US film director Spike Lee arrived in Helsinki directly from the Milano Film Festival on Saturday. In the space of a day, he agreed to hold a master class on his breakthrough film "Do the Right Thing" at the Love & Anarchy Film Festival, to visit moviegoers at a showing of his new film "BlacKkKlansman", and to sit for an exclusive interview with the public broadcaster Yle.
A trip to Finnish actor Jasper Pääkkönen's Löyly restaurant and public sauna was also on the schedule.
"I came here because I had promised Jasper that I would. Too bad I've only got one day. I've had saunas before, but I only learned today that it is a Finnish word," he said.
Lee praised Pääkkönen's acting chops; adding that he is planning to work with the young Finn again.
"He is a phenomenal actor and a great guy. We have been friends from the moment we met, and that's not going away. There will be more movies with Jasper, but I can't talk about them now because I don't know what they will be," the director said.
Pääkkönen plays a Ku Klux Klansman in the film. After its debut in Cannes in May, many declared "BlacKkKlansman" to be the director's best film in years.
Some things haven't changed in 40 years
Based on a book by Ron Stallworth, "BlacKkKlansman" tells the true story of the first black police officer in 1979 Colorado Springs, who infiltrated the local wing of the Ku Klux Klan in Colorado, duping even the Grand Wizard David Duke himself.
The movie closes with the real-life events of August 2017, when a protest against a neo-Nazi/white nationalist march in Charlottesville, Virginia turned into murder after a 20-year old Nazi sympathizer ran his car through the crowd.
"Many people at Cannes imagined that BlacKkKlansman is about America's problems, but no, no, no. Italy has Matteo Salvini, France has the Le Pens, and there's Brexit. And the Finns have that guy that Jasper told me about, but I forgot his name," Lee said.
He repeated himself to drive home his point.
"This is a global problem, not just the United States of America. Although I will admit that we do it better than anyone else," Lee said.
The director said the solution is to always choose love over hate.
"In various parts of the world, we've seen this rise of the right. The one common, obvious thing is they've built their base railing against and pointing their finger at immigrants. There's this fear that if we don't build walls and close our ports, they are going to take over. The word is hate. It's very simple: the word is hate," he said.
More home-grown terrorists than Muslim terrorists
Spike Lee teaches film directing at New York University.
"I always tell my students on the first day that there is no one right way of doing anything," he said.
Lee said that whenever a well-known African-American travels abroad, he or she is expected to speak on behalf of all black people in America. He said that in a way, he understands it because the situation in the US right now keeps him awake at night.
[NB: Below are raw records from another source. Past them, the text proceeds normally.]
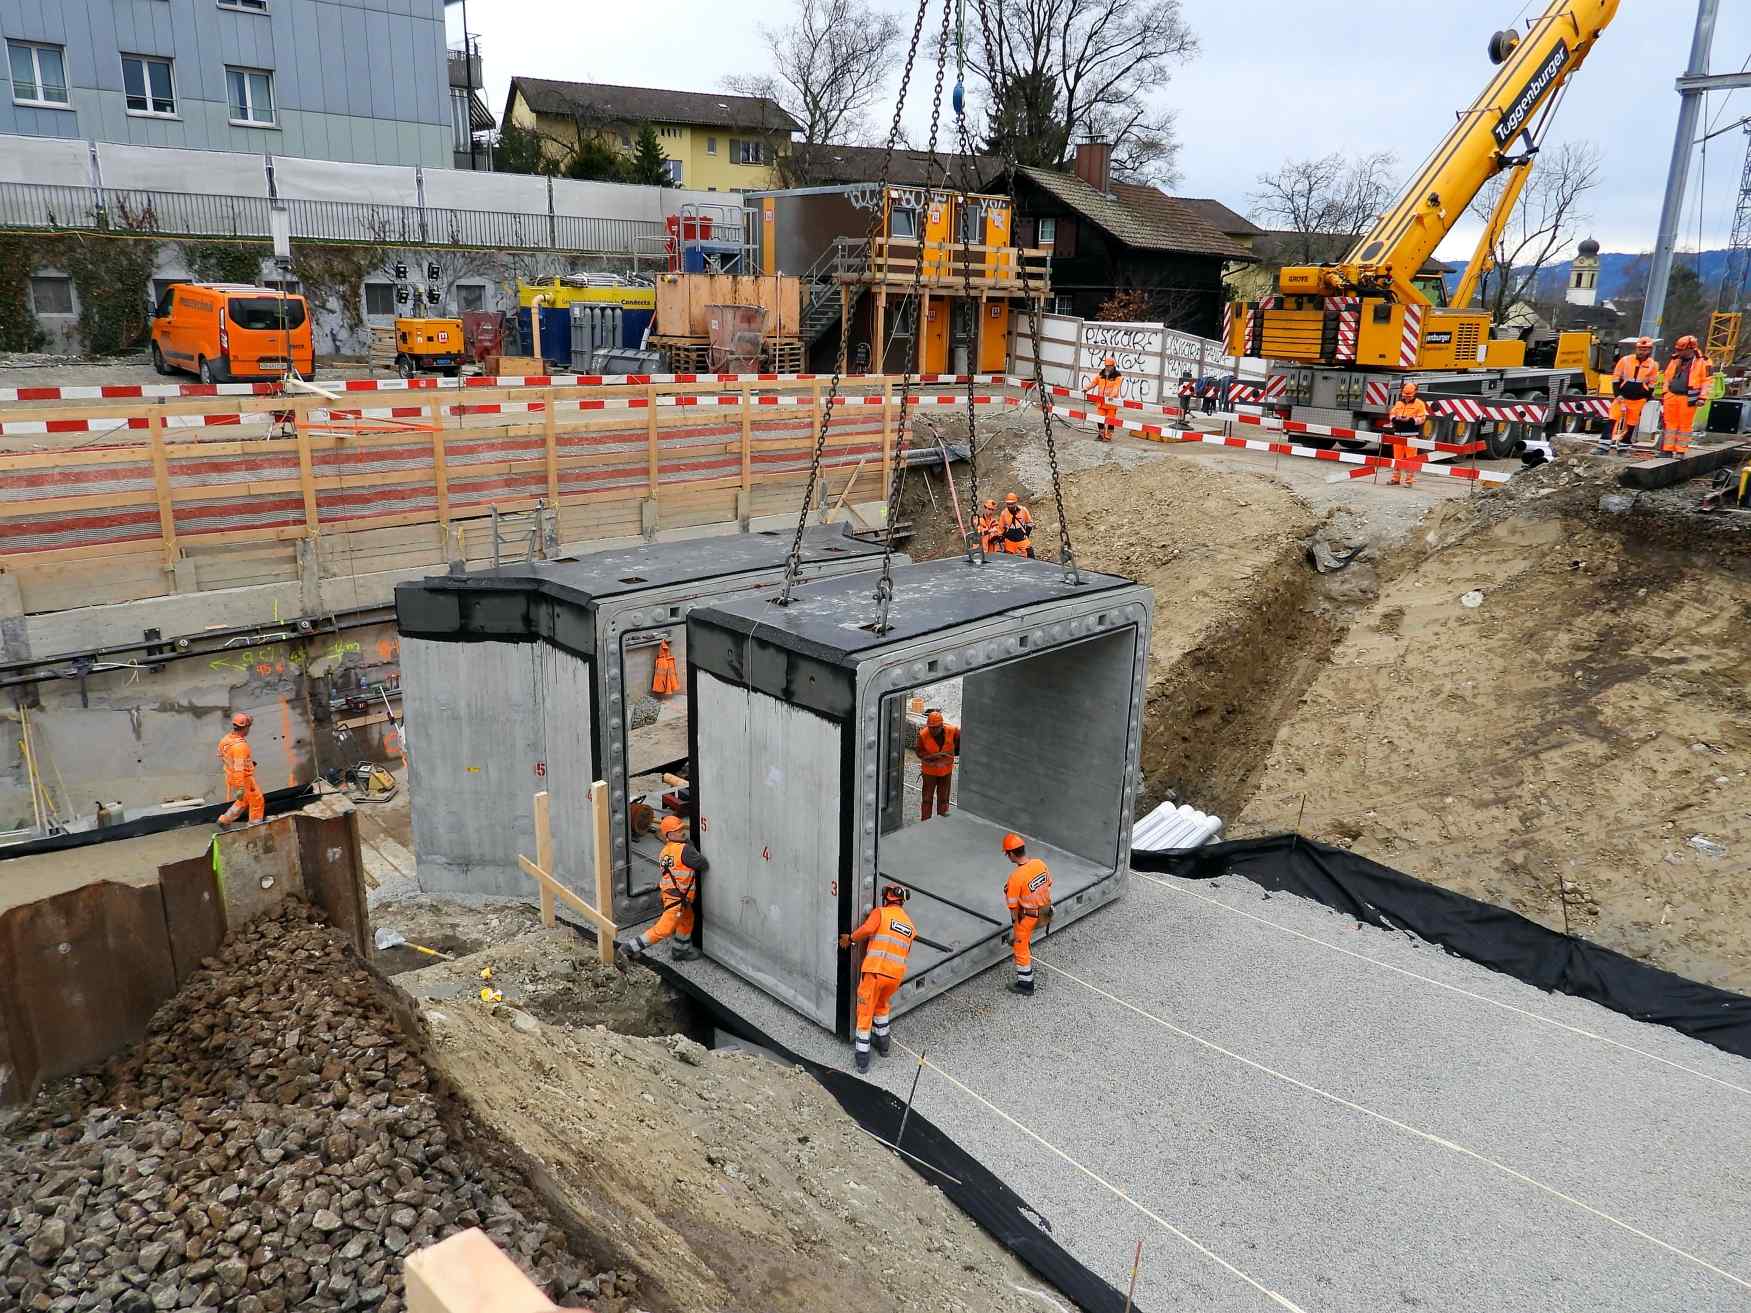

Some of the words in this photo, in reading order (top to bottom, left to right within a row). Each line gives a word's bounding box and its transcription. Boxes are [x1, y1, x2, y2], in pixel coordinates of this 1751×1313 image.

[1495, 46, 1565, 140] Tuggenburger
[536, 763, 546, 777] 5
[700, 816, 708, 832] 5
[762, 845, 770, 862] 4
[831, 880, 838, 896] 3
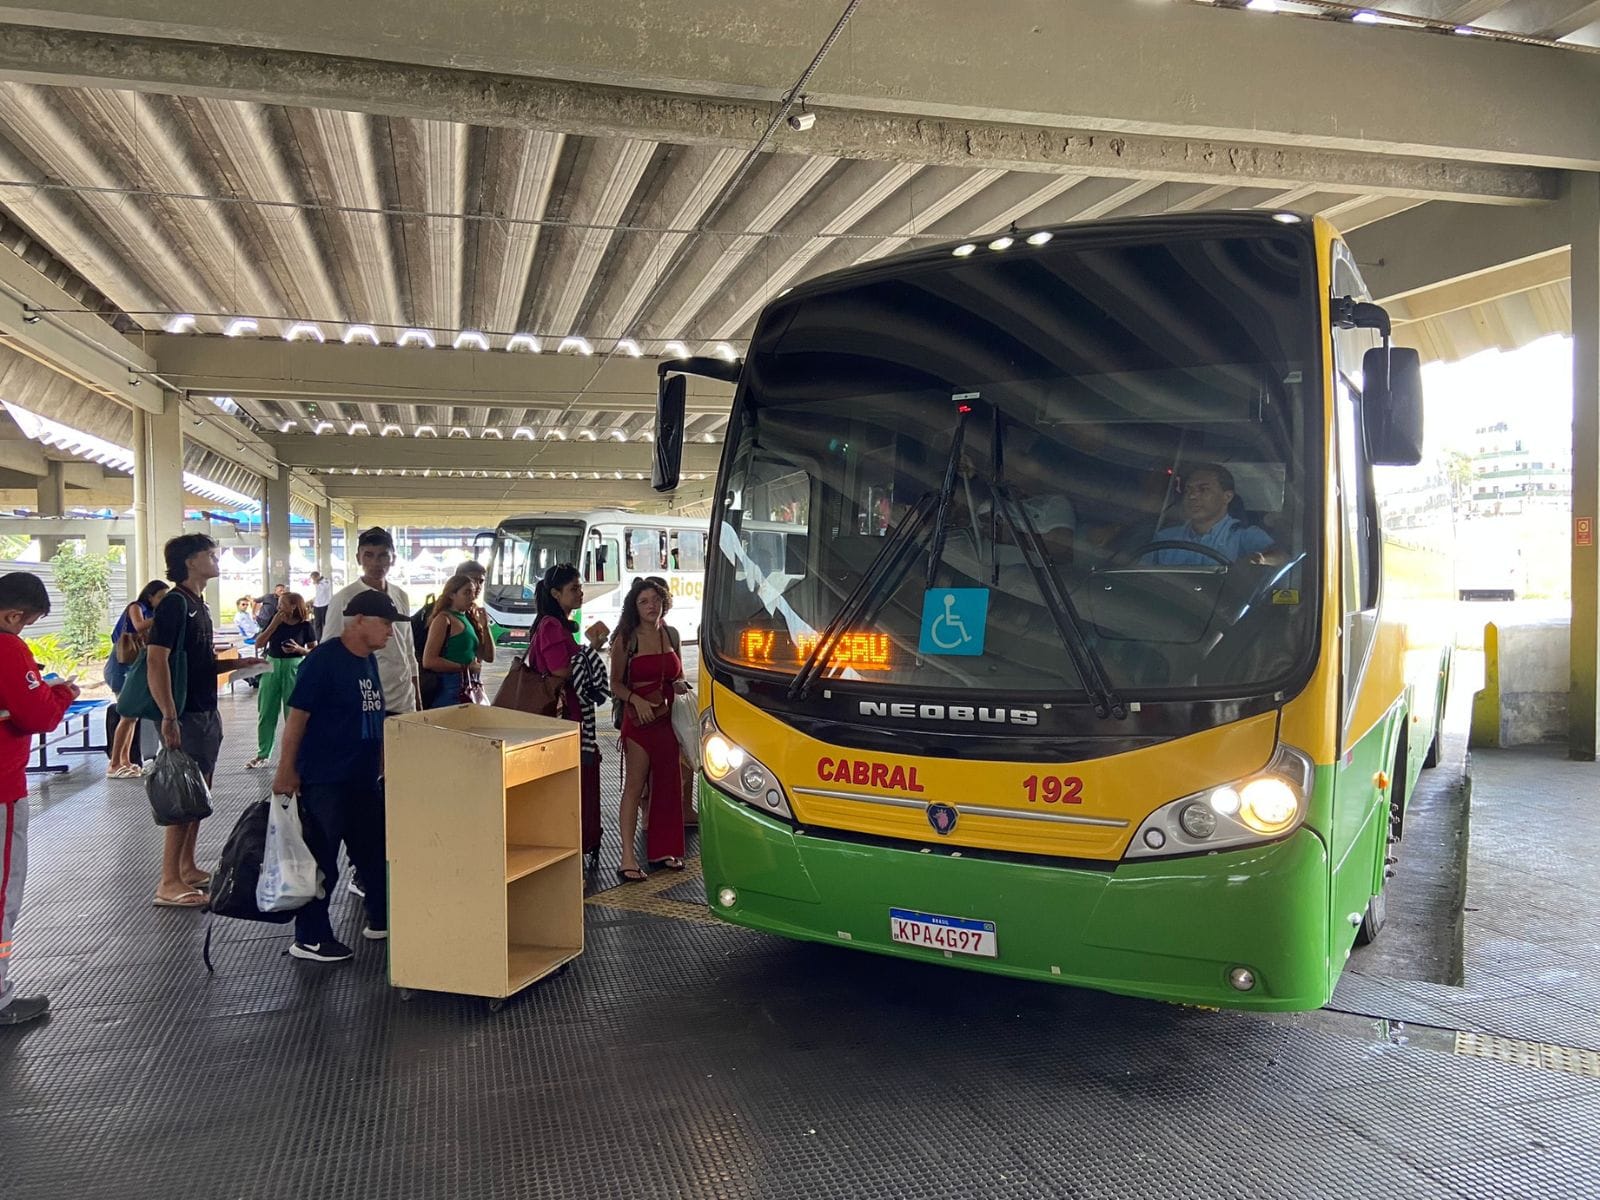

"The Charlottesville footage in the film is Exhibit A of home-grown, apple pie, red-white-and-blue terrorism. The Klan and the alt-right and the neo-Nazis are terrorist groups. Americans commit more terrorist acts than Muslim groups. Hardly a day goes by without some kind of mass shooting incident," Lee said.
The political message of "BlacKkKlansman" is clear, and it has given rise to some criticism in the US. Lee is by no means apologetic:
"The American president has the launch codes for our nuclear weapons. Who knows what he and Putin have going on? In my opinion, this is no time to be subtle. We are on the verge; we are on the brink."